Quanto a nomenclatura vale expor que o princípio do promotor natural também é denominado de princípio do promotor legal.
Esse princípio tem como finalidade precípua de evitar arbitrariedade, abuso e desvio de poder na designação de representantes do Ministério Público, inclusive, limitando o poder do chefe do órgão ministerial na realização das designações dos membros da instituição.
Segundo Professor Pedro Lenza, o tema foi bastante discutido na doutrina, inclusive, alguns autores já o defendiam antes mesmo do advento da Constituição de 1988, destacando-se, Hugo Nigro Mazzilli, Jaques de Camargo Penteado, Clóvis A. Vidal de Uzeda e Paulo Cesar Pinheiro Carneiro. [1]
Durante o período da história do direito brasileiro as Cortes Superiores do Brasil chegaram a não reconhecer a existência do promotor natural no nosso ordenamento jurídico. Posteriormente, a jurisprudência evoluiu acolhendo o referido princípio em julgados importantes para a atual realidade do direito processual brasileiro.
2- NOÇÕES GERAIS SOBRE O PRINCÍPIO DO PROMOTOR NATURAL.
É mister iniciar o estudo do princípio do promotor trazendo a colação o conceito do doutrinador Paulo Cezar Pinheiro Carneiro o qual afirma que a teoria do promotor natural ou legal:
(...) decorre do princípio da independência, que é imanente à própria instituição. Ela resulta, de um lado, da garantia de toda e qualquer pessoa física, jurídica ou formal que figure em determinado processo que reclame a intervenção do Ministério Público, em ter um órgão específico do parquet atuando livremente com atribuição predeterminada em lei, é, portanto, o direito subjetivo do cidadão ao Promotor (aqui no sentido lato), legalmente legitimado para o processo. Por outro lado, ela se constitui também como garantia constitucional do princípio da independência funcional, compreendendo o direito do Promotor de oficiar nos processos afetos ao âmbito de suas atribuições.[2]

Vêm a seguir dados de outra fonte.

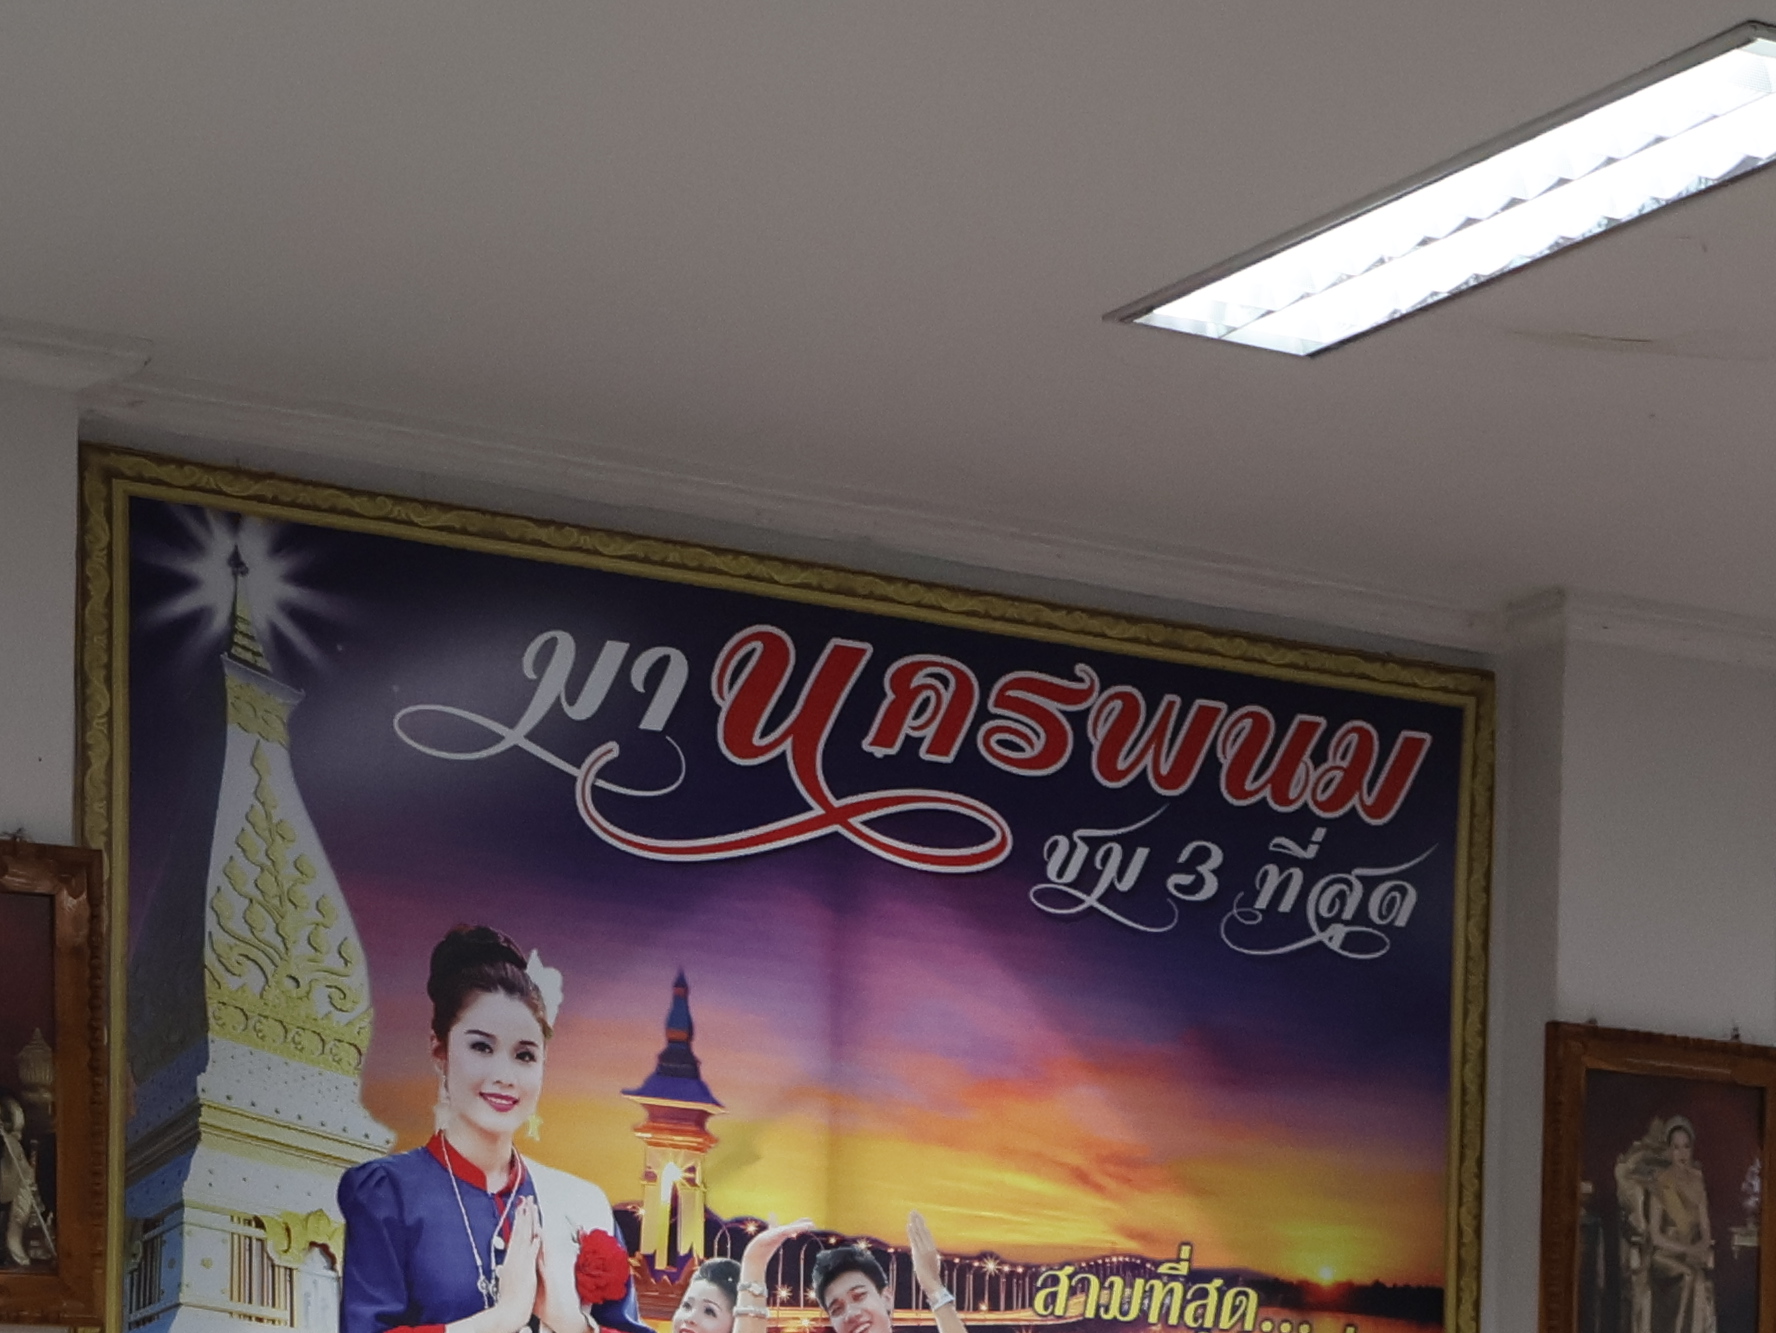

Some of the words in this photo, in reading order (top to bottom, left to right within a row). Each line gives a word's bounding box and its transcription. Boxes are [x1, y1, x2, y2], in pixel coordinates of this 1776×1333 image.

[1029, 804, 1177, 931] ชม
[1167, 839, 1223, 903] 3
[1220, 827, 1437, 958] ที่สุด

O professor Uadi Lammêg Bulos traz importantes considerações a cerca dos objetivos da aplicação do princípio do promotor natural: “Disso deflui o objetivo do promotor natural: abolir os procedimentos de ofício, eliminando a acusação privada e extirpando o acusador público de encomenda, escolhido pelo procurador-geral de justiça.”[3]
O Professor Nelson Nery Júnior leciona que para o o princípio do promotor natural ser respeitado exige a presença dos seguintes requisitos: a) investidura no cargo de Promotor de Justiça; b) a existência de órgão de execução; c) a lotação por titularidade e inamovibilidade do Promotor de Justiça no órgão de execução, exceto as hipóteses de substituição e remoção, e; d) definição em lei das atribuições do órgão.[4]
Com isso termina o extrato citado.